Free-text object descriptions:

---

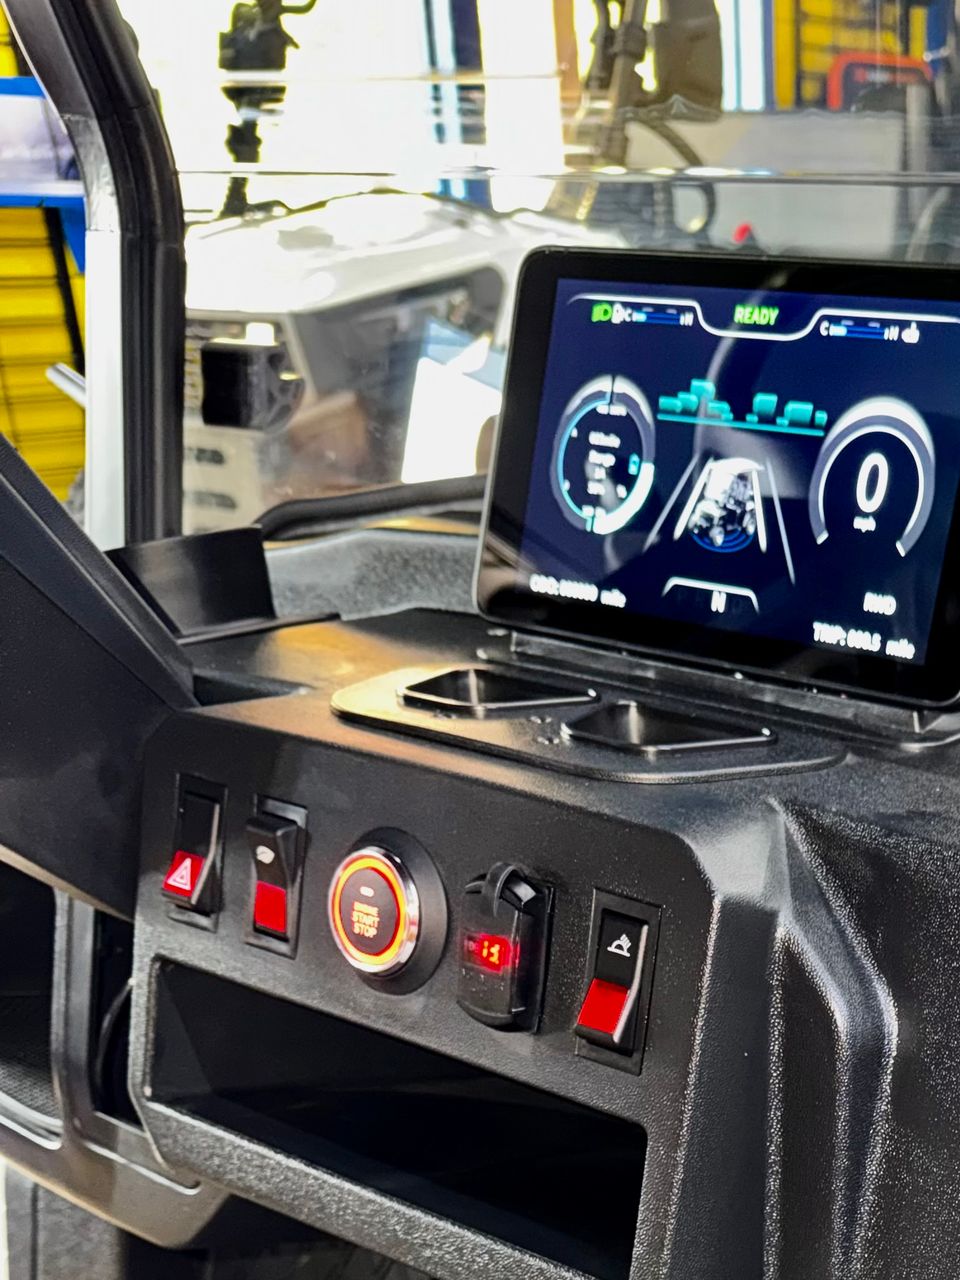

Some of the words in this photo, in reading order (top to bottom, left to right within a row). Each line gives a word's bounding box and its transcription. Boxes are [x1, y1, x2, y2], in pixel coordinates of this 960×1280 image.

[734, 305, 779, 326] READY
[856, 452, 889, 513] 0
[711, 590, 726, 613] N
[351, 911, 380, 928] START
[353, 922, 377, 938] STOP

---

→ Task instructions: For every entry, return its exact wording and leave out any image.

→ Problem solution:
Some of the words in this photo, in reading order (top to bottom, left to right within a row). Each line gives a word's bounding box and its transcription. Boxes are [x1, y1, x2, y2], in pixel coordinates of this 960×1280 image.

[734, 305, 779, 326] READY
[856, 452, 889, 513] 0
[711, 590, 726, 613] N
[351, 911, 380, 928] START
[353, 922, 377, 938] STOP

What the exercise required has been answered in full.